Monday, November 10, 2008

Meet the new rating, just like the old rating

I see my match against Jamin was rated and my rating has dropped to 1787. This is the exact rating that made me quit chess 15 years ago.

A long time ago, as a scrawny teenager, I wandered into the Charlottetown chess club at the YMCA and joined their monthly tournament. I wasn’t used to playing with a clock but over the course of the month I won a couple of games and threw a couple away and I got my first rating. I think it was around 1300, but I knew I could do better. I joined the club and started playing regularly every Tuesday evening. I improved quickly and started winning most of the club tournaments. My rating seemed to climb naturally but I developed some bad habits. I relied mainly on tactics to win games and I didn’t concentrate on my own game. That worked against the other players in the club but when I left the Island to play my first big tournament I found that I wasn’t as good as I thought. The players in Ontario had much more opening knowledge than me, and I had no tactical advantage. When I got back home I started studying a bit more and concentrating on just a few openings. My rating continued to climb to a peak of just over 1900 but then fell back and settled in the 1800’s and stalled there. I needed more games against higher rated opponents to improve, but there was no internet then and I couldn’t afford to travel to far off tournaments. As other things in life took over my time, I stopped playing regular weekly games and when I did play a tournament my rating started to tumble. I remember my last tournament falling into the Blackbourne Gambit trap to a young kid and and seeing my rating drop below 1787. I decided then that I wasn’t going to play another tournament unless I was prepared and studied my openings.

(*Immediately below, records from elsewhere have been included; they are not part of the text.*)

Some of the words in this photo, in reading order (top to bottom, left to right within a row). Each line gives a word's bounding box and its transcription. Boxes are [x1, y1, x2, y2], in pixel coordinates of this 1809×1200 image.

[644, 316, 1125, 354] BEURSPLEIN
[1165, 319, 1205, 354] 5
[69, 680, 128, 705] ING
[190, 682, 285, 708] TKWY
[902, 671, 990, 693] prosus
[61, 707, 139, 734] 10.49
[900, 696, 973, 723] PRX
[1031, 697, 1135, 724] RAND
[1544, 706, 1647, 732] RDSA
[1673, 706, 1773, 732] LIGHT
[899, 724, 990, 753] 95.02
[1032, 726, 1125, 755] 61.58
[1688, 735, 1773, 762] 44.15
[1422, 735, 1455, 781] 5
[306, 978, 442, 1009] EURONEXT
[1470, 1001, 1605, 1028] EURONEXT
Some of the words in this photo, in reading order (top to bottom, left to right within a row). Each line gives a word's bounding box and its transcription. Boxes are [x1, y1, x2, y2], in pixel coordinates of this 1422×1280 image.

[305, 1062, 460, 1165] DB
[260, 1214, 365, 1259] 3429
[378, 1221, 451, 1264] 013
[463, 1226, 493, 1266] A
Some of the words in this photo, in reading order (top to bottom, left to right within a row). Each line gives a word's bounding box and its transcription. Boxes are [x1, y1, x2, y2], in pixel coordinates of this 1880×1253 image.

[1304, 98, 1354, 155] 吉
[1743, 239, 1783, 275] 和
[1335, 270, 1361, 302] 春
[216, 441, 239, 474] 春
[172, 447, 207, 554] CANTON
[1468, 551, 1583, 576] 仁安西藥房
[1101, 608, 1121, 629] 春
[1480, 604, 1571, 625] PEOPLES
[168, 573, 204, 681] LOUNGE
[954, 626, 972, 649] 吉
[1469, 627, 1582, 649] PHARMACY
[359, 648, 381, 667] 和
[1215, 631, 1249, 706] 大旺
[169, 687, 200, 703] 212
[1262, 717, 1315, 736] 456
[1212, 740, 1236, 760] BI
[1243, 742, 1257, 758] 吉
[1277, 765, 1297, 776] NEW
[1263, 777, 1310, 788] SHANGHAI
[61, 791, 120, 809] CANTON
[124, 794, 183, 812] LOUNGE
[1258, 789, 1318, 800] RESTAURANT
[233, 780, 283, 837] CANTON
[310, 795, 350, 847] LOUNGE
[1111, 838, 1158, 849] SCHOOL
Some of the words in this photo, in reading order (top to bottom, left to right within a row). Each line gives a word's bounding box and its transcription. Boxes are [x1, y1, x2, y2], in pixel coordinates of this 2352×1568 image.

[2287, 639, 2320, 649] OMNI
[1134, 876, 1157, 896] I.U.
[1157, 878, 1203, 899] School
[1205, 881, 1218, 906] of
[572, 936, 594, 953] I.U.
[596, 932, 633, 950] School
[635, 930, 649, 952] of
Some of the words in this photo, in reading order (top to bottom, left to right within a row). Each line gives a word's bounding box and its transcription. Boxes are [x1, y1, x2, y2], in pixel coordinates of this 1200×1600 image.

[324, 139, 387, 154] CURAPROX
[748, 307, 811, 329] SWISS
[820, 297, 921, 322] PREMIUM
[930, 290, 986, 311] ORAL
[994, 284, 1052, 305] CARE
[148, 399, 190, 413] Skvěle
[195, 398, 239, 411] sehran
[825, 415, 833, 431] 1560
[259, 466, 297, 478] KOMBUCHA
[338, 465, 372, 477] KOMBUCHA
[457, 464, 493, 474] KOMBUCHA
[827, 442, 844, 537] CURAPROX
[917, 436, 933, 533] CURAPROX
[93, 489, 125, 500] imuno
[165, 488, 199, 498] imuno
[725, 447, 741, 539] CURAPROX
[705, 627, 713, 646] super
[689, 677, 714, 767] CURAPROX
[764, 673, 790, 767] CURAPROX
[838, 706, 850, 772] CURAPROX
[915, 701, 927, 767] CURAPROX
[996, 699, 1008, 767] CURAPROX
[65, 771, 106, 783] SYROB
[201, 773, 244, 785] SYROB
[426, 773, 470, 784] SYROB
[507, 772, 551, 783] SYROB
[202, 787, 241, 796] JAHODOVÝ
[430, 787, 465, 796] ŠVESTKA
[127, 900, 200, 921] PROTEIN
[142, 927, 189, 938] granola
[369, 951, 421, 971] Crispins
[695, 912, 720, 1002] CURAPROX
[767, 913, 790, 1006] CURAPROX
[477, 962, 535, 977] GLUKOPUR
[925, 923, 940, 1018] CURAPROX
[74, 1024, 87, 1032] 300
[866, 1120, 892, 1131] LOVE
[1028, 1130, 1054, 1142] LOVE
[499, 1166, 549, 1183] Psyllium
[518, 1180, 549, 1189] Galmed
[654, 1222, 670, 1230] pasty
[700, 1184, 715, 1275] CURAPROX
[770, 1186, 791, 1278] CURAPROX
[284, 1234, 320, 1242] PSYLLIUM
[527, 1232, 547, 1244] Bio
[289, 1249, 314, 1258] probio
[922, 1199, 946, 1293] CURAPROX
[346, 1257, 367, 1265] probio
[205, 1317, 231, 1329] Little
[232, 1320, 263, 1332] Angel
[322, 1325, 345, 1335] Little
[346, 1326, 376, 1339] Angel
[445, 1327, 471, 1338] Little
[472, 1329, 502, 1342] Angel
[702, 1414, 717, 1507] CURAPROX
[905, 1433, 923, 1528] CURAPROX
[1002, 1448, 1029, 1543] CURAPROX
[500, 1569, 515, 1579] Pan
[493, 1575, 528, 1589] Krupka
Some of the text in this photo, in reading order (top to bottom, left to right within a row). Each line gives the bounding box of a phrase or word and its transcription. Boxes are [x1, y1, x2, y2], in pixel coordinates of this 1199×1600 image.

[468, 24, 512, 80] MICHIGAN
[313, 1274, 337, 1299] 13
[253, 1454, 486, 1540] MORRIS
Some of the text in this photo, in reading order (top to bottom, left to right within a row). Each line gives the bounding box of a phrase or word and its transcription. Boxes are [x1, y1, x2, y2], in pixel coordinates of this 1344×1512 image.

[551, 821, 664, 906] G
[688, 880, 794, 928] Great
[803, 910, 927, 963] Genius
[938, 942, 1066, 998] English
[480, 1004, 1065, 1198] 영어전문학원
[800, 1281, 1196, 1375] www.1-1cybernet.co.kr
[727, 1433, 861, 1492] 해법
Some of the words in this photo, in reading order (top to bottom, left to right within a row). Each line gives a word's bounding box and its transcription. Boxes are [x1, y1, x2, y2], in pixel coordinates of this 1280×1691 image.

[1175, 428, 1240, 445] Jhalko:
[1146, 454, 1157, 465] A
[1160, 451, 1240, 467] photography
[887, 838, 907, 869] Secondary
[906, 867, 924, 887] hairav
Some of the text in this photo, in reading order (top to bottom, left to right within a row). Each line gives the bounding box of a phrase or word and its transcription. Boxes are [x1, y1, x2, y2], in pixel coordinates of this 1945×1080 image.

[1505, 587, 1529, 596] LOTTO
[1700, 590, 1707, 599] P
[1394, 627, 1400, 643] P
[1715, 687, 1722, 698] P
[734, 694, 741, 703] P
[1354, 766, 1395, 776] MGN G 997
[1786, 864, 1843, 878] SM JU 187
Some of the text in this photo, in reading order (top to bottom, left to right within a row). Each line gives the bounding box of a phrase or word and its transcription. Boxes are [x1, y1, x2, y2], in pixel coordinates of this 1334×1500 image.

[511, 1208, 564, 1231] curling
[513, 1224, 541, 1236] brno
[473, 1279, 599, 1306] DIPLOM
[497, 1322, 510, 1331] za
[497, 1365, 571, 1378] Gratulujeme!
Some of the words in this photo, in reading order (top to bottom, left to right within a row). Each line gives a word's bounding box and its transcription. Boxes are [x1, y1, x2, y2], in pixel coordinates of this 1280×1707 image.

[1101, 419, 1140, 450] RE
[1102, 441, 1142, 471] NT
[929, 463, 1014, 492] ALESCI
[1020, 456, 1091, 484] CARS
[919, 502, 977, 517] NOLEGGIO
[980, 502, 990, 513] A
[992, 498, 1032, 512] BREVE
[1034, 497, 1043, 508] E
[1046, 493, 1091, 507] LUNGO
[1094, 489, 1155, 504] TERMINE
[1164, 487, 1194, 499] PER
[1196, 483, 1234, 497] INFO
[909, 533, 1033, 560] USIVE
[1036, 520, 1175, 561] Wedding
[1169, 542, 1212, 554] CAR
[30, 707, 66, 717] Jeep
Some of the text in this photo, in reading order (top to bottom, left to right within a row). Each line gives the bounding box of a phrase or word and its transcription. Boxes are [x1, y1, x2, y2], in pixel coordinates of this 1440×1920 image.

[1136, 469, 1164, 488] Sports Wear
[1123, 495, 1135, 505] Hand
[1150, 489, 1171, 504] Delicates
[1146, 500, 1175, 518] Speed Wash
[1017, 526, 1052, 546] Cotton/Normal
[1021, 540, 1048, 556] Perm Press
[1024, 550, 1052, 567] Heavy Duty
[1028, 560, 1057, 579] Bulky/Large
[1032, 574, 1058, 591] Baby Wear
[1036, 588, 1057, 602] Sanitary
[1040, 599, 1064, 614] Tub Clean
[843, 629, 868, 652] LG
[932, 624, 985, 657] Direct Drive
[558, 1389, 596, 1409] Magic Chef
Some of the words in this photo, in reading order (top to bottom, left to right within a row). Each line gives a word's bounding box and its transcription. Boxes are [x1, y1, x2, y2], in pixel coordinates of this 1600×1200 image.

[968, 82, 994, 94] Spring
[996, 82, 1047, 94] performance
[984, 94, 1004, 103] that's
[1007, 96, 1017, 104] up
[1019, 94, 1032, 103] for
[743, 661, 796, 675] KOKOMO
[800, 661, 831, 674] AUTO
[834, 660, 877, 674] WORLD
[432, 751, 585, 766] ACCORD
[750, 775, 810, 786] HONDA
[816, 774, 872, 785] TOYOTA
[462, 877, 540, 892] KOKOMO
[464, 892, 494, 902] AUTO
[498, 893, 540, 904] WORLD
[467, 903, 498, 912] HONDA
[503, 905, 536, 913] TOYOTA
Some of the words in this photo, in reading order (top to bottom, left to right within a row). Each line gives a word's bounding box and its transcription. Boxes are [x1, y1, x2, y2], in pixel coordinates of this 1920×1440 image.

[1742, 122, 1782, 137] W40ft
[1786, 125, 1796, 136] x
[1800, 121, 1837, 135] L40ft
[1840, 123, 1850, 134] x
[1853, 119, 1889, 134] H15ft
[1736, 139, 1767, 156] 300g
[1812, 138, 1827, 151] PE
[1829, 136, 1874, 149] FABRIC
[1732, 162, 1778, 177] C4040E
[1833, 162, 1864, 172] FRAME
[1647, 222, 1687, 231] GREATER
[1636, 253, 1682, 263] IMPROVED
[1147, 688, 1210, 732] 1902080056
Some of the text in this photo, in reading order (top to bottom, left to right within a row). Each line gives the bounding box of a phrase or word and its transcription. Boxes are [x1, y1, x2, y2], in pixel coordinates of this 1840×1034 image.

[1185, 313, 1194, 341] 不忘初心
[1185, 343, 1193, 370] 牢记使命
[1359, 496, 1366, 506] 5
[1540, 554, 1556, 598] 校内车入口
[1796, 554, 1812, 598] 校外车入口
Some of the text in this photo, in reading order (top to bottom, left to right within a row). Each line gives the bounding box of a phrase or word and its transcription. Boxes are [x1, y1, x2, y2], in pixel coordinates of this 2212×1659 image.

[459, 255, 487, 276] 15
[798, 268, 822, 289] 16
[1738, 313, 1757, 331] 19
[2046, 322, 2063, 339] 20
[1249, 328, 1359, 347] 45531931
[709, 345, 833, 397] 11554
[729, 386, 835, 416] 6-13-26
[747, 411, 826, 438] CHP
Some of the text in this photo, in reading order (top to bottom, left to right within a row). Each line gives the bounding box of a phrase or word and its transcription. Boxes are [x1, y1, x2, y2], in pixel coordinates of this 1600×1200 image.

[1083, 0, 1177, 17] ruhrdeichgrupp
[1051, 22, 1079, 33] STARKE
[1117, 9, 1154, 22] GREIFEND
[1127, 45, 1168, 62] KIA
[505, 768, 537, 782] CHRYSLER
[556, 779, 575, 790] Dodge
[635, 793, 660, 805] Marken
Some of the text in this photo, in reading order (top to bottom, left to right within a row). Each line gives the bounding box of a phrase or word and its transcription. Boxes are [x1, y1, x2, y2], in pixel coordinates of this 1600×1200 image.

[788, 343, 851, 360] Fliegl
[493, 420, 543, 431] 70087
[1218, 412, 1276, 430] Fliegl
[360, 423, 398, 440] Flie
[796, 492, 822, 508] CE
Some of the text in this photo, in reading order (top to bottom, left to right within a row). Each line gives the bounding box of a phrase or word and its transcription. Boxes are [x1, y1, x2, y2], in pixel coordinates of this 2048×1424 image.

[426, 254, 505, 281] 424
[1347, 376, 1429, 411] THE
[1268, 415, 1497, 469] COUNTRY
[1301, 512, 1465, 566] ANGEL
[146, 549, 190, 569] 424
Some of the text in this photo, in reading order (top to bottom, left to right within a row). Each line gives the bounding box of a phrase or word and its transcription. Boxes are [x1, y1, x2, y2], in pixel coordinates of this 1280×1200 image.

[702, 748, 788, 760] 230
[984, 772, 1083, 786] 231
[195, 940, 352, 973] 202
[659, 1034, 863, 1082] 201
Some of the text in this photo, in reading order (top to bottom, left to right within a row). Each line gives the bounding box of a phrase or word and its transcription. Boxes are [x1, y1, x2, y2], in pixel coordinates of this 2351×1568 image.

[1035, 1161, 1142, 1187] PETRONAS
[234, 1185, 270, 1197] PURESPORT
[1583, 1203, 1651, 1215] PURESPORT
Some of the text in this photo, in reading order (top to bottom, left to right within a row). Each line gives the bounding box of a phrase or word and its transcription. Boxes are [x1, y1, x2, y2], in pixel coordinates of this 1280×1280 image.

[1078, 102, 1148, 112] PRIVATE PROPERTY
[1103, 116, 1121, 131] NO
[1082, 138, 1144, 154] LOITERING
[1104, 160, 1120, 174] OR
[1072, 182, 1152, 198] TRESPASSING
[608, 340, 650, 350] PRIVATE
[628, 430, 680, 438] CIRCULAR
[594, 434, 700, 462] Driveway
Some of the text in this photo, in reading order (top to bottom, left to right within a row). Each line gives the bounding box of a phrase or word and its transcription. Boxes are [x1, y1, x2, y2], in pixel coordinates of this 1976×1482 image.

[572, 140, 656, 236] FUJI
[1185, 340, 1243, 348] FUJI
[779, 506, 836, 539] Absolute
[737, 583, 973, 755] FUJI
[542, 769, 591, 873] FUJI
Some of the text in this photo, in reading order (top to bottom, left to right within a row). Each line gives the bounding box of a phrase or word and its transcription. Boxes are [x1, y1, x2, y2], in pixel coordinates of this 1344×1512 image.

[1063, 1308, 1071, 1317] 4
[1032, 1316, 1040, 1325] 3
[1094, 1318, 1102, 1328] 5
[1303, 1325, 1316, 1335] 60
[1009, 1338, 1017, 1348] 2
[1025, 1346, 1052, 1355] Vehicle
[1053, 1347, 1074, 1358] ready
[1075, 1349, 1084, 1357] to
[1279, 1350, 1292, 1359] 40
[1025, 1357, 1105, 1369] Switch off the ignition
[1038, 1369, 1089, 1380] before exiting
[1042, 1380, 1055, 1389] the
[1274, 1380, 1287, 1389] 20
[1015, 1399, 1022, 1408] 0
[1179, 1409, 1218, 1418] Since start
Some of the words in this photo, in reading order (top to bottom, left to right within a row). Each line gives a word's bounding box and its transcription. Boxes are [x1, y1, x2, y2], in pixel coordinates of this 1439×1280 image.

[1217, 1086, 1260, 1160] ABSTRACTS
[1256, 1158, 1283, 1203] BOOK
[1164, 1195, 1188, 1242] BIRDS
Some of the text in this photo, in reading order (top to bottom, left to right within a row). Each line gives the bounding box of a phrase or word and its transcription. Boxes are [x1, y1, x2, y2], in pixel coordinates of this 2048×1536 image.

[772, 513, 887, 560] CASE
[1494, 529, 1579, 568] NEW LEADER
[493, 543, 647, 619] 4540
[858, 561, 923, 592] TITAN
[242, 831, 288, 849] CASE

Years passed, I moved to Alberta, I got married and had children and had not thought about chess much until my kids started playing. After re-entering tournament chess, I have now played ten events and though I think I have improved over the last two years, my rating has now dropped back below 1800 again. Some of my bad habits have changed and some are the same. On the positive side, I do concentrate on my own game now and I don’t have the same desire to wander around the room to try to find a more interesting game. On the negative side, I find I can sometimes have very little enthusiasm when I’m playing a game especially if it is against a lower rated player or if I think I should be doing something else that day. I’m missing a lot when looking at tactics now compared to before. These may be things that go along with getting older, but my weak openings are just a result of my lack of useful studying. The question is now, what to do about my chess?

Option 1. Quit again. I f I do this it will probably not be a conscious decision, but rather a gradual lowering of interest until I find I haven’t played for a long, long, time.
Option 2. Play less regularly probably at a 1700 level. Maybe play in one out of town tournament a year plus the Battle at the Border. The question is, would I get enough enjoyment out of this to continue playing without falling into option 1.
Option 3. Really start studying and see if I can improve to 2000. The problem with this is that there is not enough time in the day to balance work, family, and an obsessive hobby like chess.

I hope I don’t end up choosing option 1, as I still get enjoyment out of playing a good game whether it’s a win or a loss. Plus I haven’t really played a complete tournament yet and I feel there is one inside me waiting to come out. Right now I have no definitive plans to play in an upcoming event. Maybe in the new year.